WHAT IS REQUIRED: Copy out all of the records. Keep every word exact.
[[ RECORDS FOR THE TASK open ]]
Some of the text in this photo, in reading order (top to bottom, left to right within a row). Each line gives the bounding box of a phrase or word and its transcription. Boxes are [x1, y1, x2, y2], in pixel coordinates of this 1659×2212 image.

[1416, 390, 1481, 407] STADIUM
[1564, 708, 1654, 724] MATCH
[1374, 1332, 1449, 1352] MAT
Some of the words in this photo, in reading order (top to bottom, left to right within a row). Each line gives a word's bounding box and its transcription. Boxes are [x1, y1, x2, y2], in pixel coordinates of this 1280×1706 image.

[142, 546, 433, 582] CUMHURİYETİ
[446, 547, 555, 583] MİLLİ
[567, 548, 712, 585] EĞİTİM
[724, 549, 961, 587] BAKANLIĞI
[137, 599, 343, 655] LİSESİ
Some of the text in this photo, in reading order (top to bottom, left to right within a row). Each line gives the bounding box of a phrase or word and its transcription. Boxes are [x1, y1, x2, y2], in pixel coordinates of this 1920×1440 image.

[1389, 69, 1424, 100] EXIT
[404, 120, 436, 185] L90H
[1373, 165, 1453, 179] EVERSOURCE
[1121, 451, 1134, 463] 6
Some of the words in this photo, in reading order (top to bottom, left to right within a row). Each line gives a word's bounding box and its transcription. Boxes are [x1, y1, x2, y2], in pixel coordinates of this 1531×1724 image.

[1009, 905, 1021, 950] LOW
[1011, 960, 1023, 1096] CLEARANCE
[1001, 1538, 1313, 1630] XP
[[ RECORDS FOR THE TASK closed ]]
ANSWER FOR THE TASK:
Some of the text in this photo, in reading order (top to bottom, left to right within a row). Each line gives the bounding box of a phrase or word and its transcription. Boxes are [x1, y1, x2, y2], in pixel coordinates of this 1659×2212 image.

[1416, 390, 1481, 407] STADIUM
[1564, 708, 1654, 724] MATCH
[1374, 1332, 1449, 1352] MAT
Some of the words in this photo, in reading order (top to bottom, left to right within a row). Each line gives a word's bounding box and its transcription. Boxes are [x1, y1, x2, y2], in pixel coordinates of this 1280×1706 image.

[142, 546, 433, 582] CUMHURİYETİ
[446, 547, 555, 583] MİLLİ
[567, 548, 712, 585] EĞİTİM
[724, 549, 961, 587] BAKANLIĞI
[137, 599, 343, 655] LİSESİ
Some of the text in this photo, in reading order (top to bottom, left to right within a row). Each line gives the bounding box of a phrase or word and its transcription. Boxes are [x1, y1, x2, y2], in pixel coordinates of this 1920×1440 image.

[1389, 69, 1424, 100] EXIT
[404, 120, 436, 185] L90H
[1373, 165, 1453, 179] EVERSOURCE
[1121, 451, 1134, 463] 6
Some of the words in this photo, in reading order (top to bottom, left to right within a row). Each line gives a word's bounding box and its transcription. Boxes are [x1, y1, x2, y2], in pixel coordinates of this 1531×1724 image.

[1009, 905, 1021, 950] LOW
[1011, 960, 1023, 1096] CLEARANCE
[1001, 1538, 1313, 1630] XP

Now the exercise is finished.